Open Papyrus Jazz Festival 2019

Nell’ultimo week-end di marzo Ivrea ha ospitato secondo tradizione (a volte è il penultimo, ma insomma, lì intorno) l’edizione n. 39 di quello che un tempo era il glorioso Eurojazz Festival e da qualche anno, attraverso varie riverniciature, è diventato l’Open Papyrus Jazz Festival. Dalla scomparsa del fondatore, Sergio Ramella, la direzione artistica è passata a Music Studio in particolare nella persona di Massimo Barbiero, figure che del resto già affiancavano lo stesso Ramella nei suoi ultimi anni.

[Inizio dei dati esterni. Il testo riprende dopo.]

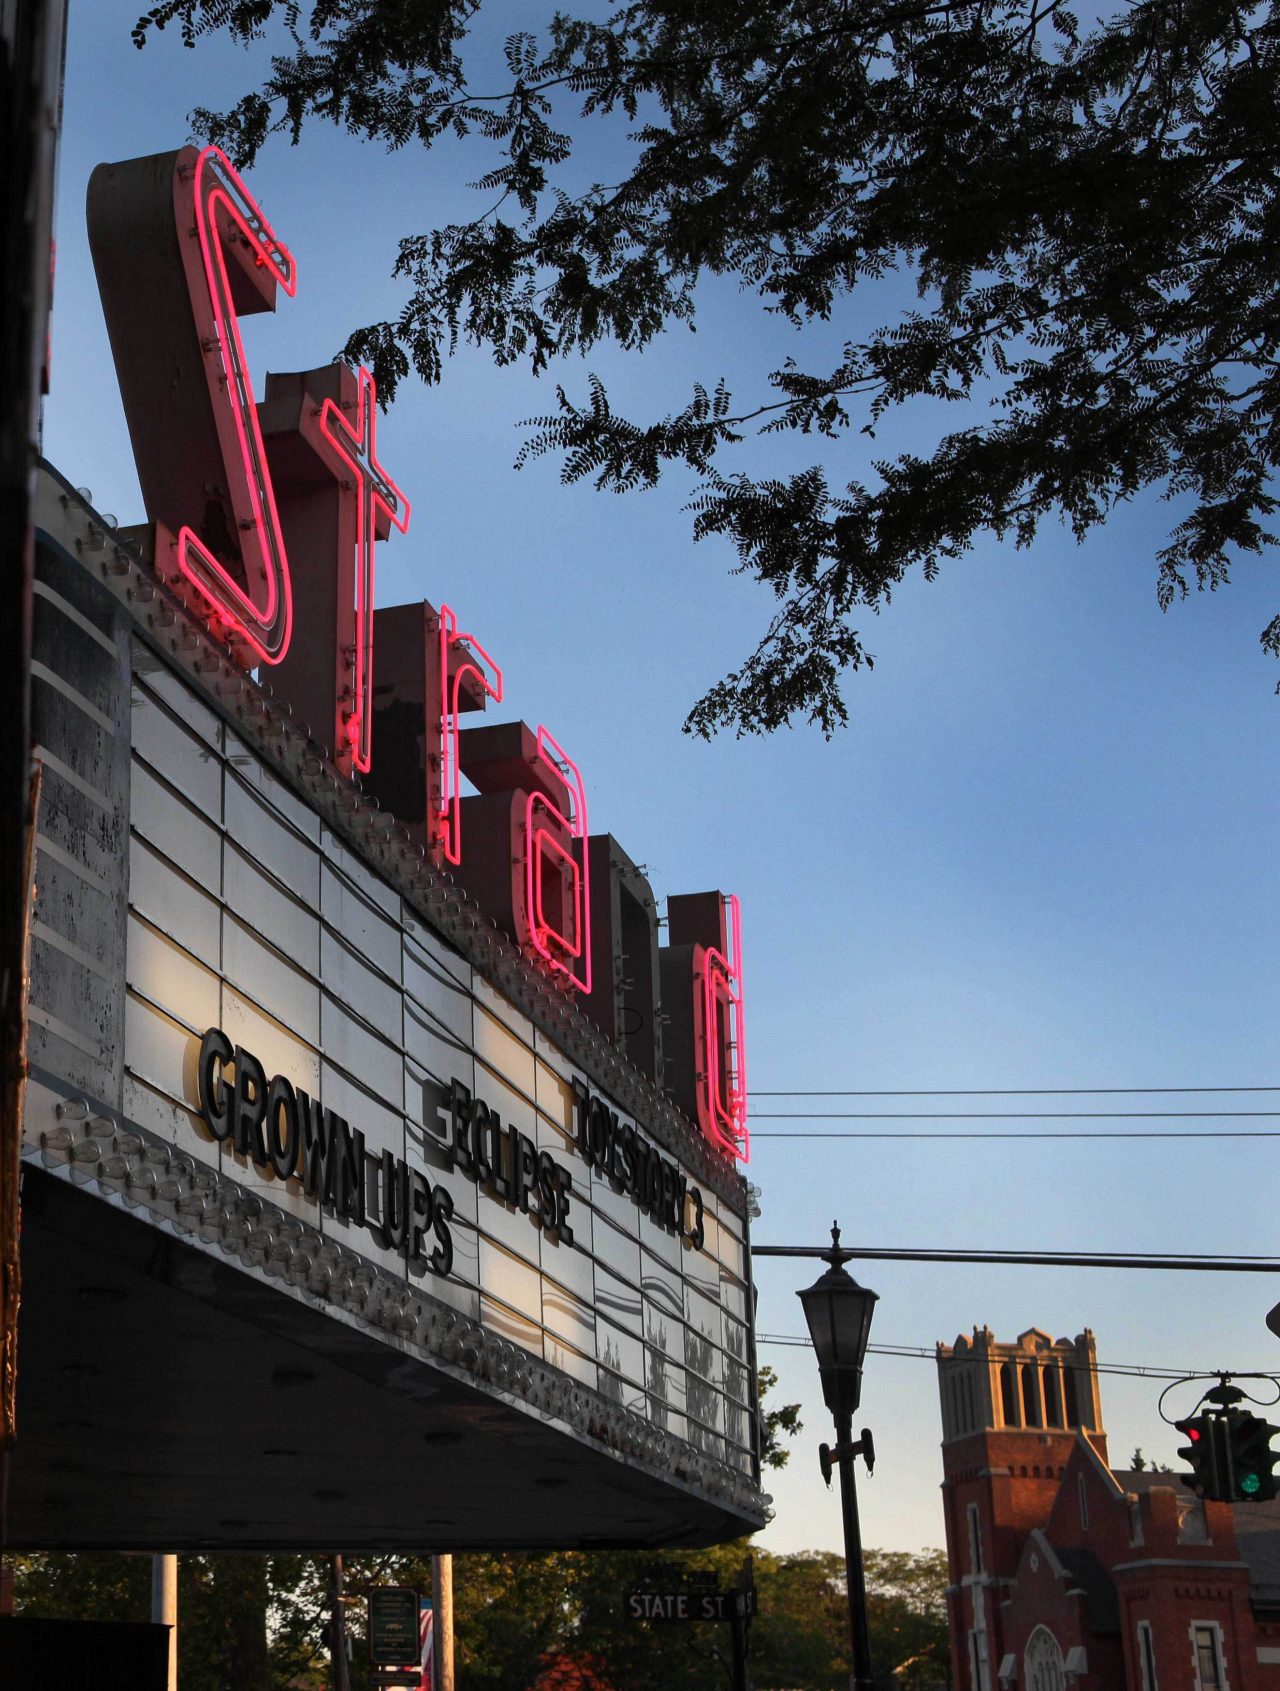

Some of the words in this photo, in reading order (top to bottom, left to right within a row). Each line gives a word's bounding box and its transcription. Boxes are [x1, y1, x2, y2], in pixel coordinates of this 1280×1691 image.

[199, 1026, 366, 1228] GROWN
[372, 1149, 455, 1278] UPS
[450, 1076, 574, 1248] ECLIPSE
[572, 1075, 619, 1175] TOY
[684, 1187, 704, 1251] 3
[628, 1594, 688, 1618] STATE
[701, 1596, 725, 1618] ST
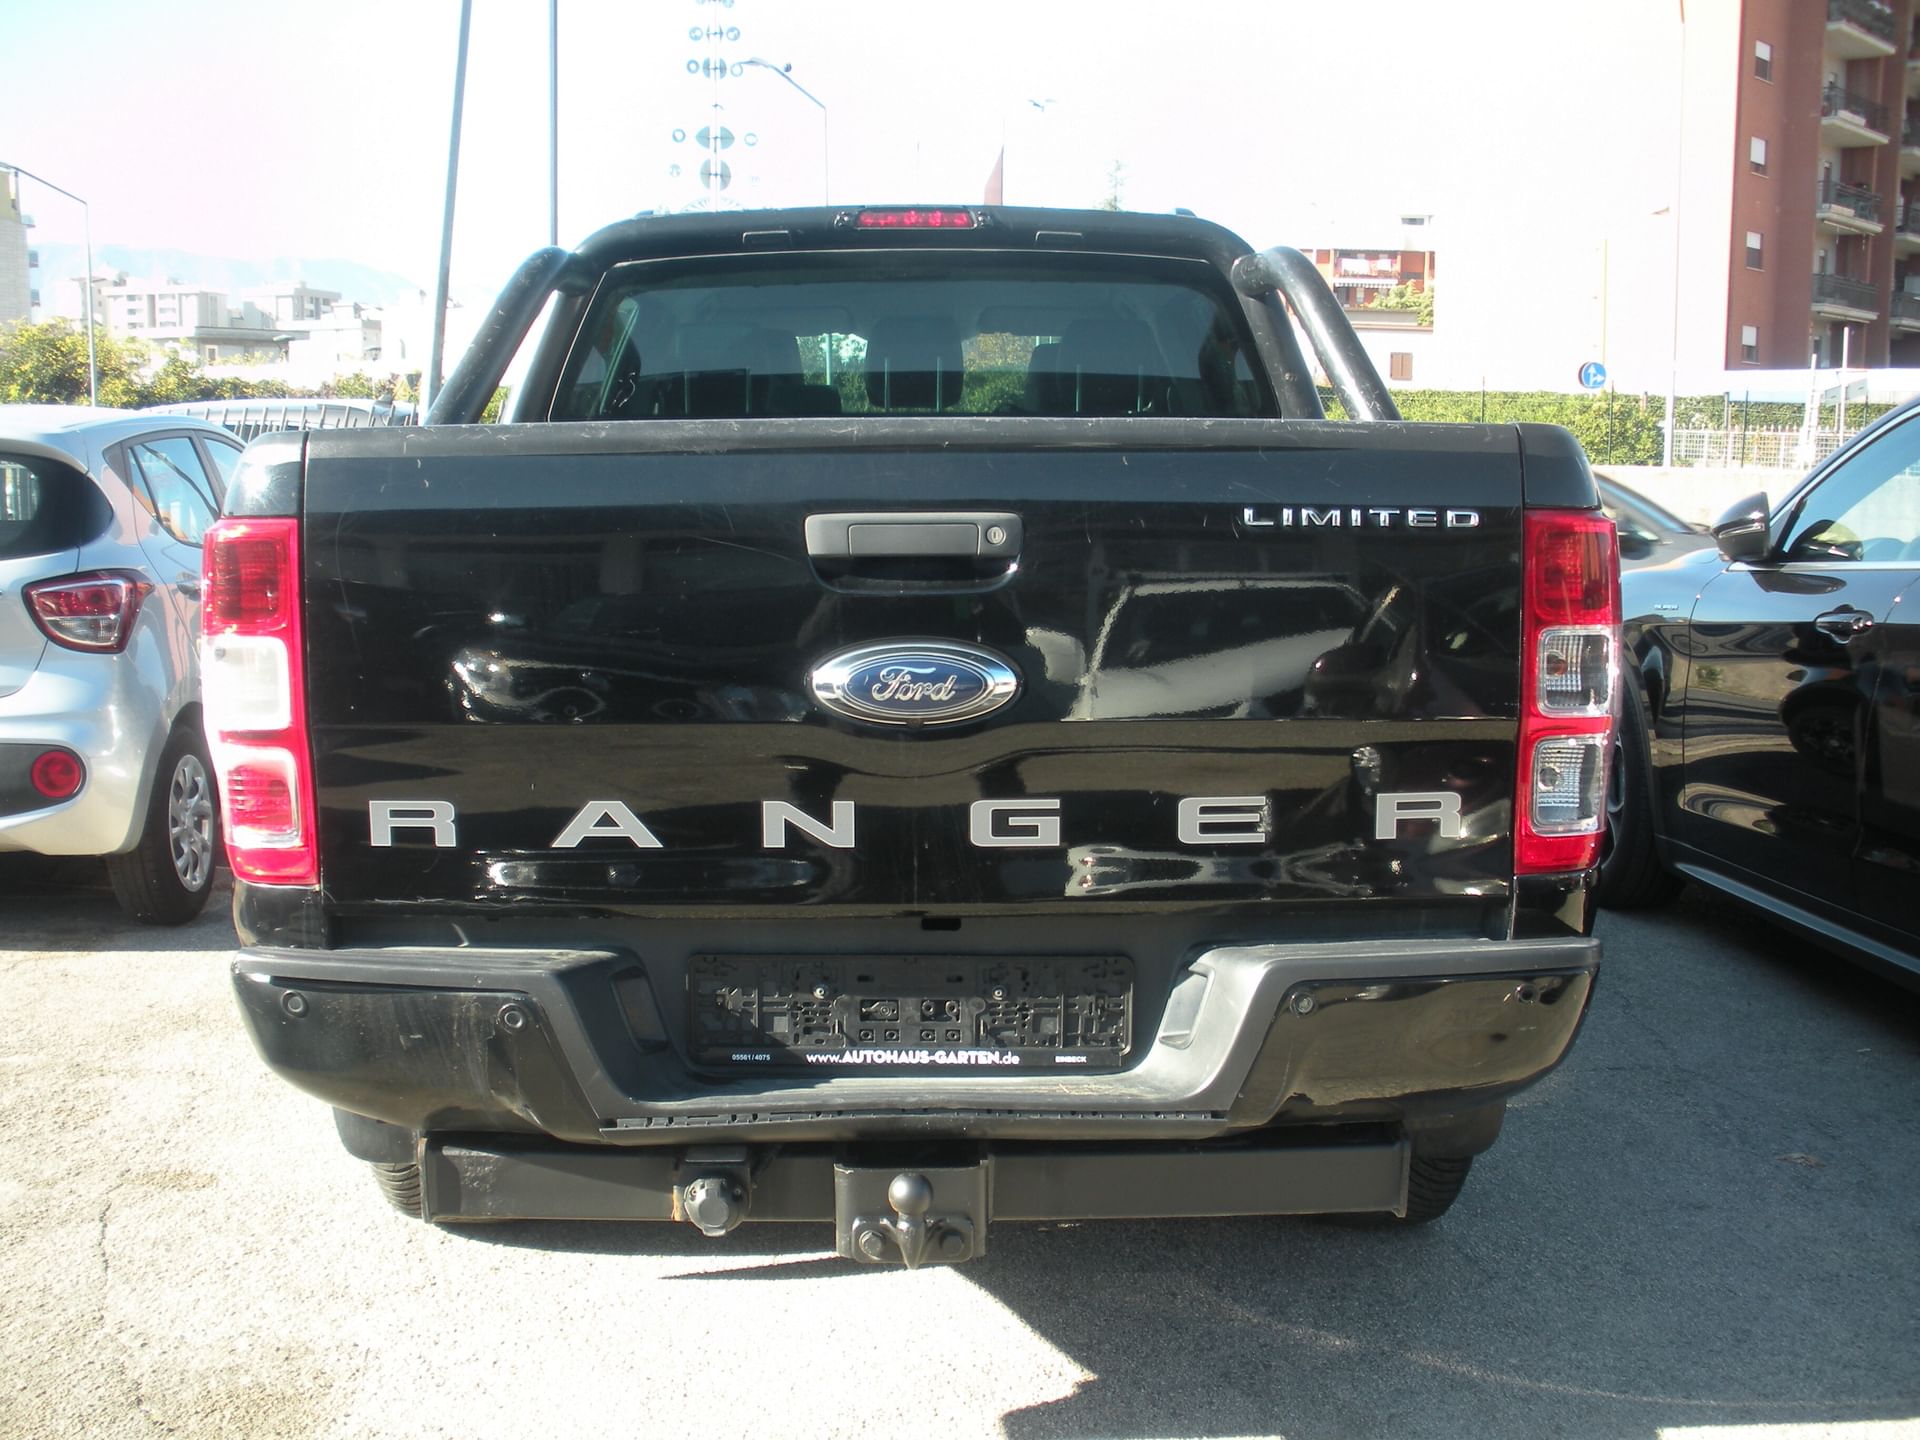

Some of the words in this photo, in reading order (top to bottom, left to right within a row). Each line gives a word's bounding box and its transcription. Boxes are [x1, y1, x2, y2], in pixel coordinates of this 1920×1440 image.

[1243, 508, 1481, 528] LIMITED
[871, 665, 958, 701] Ford
[368, 791, 1464, 850] RANGER
[806, 1050, 1020, 1065] www.AUTOHAUS-GARTEN.de

La rassegna, prestigiosa non solo per ragioni di anzianità, ha attraversato acque perigliose (anche di recente) ed è veramente un miracolo di determinazione e passione che riesca a ripresentarsi ogni anno al via. In questo 2019 c’è stata anche la polemica con Torino Jazz Festival e Piemonte Jazz per un’assurda “dimenticanza” di cui proprio l’Open è stato vittima, ma glisseremmo, se ci è permesso, perché ripercorrere anche per sommi capi la faccenda, da qualunque ottica la si guardi abbastanza penosa, richiederebbe troppo spazio, che preferiamo dedicare al racconto della musica e di ciò che – di bello, e di giusto – le ha ruotato attorno.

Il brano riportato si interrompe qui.